Honorable mention: Karpathy’s Autoresearch
While Hyperagents represent a deep architectural shift, AI researcher Andrej Karpathy demonstrated the practical power of this concept with his autoresearch project. This open-source tool provides an example of self-improvement that developers can run immediately. It uses a straightforward loop to optimize machine learning models without human oversight.
Autoresearch has a program.md file where the human engineer provides the high-level instructions in plain markdown.
Autoresearch reads the instructions and makes changes to train.py, the file that contains the training code for a GPT model. It runs a 5-minute training job, checks the results, and repeats the cycle.
Auto research uses Git as research memory. If the metric improves, it commits the change; if not, it performs a “git reset” to the last known good state.

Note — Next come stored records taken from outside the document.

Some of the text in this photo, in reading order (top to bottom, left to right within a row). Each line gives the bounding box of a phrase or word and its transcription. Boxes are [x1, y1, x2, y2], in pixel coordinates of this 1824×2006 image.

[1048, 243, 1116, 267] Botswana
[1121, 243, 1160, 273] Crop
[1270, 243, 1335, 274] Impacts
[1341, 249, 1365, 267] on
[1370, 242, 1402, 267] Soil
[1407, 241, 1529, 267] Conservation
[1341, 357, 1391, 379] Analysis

Experiments show that the agent can make interesting optimizations, such as discovering that increasing iteration speed is more beneficial than increasing batch size in certain contexts.
Beyond training models, Autoresearch can be used for any type of coding that can be measured with a metric. For example, the Shopify team modified Autoresearch to optimize their CI pipelines.
Limitations and the reality check
The move toward self-improving code is not without risk. The most significant hurdle is reward hacking. Because these agents optimize aggressively for a single metric, they often find loopholes in the grading function. In effect they might shortcut their way to the designated metric without achieving the underlying goals.
Agents can also become trapped in “local optima” and refrain from making significant changes. Observations from the Autoresearch community show that agents often get stuck endlessly tweaking safe hyperparameter variations instead of attempting the bold architectural leaps required for true innovation.
There are also risks regarding compute. Without strict oversight, an agent could also burn through massive GPU budgets overnight if it enters an infinite improvement loop with no exit condition.
And finally, keep an eye for security holes. While narrowly focusing on their metrics, self-improving agents might end up writing insecure code or circumvent safeguards meant to protect sensitive data.
The bottom line is that while we are excited for self-improving agents, we will still need experienced engineers to guide the process and make sure these helpful assistants avoid doing damage.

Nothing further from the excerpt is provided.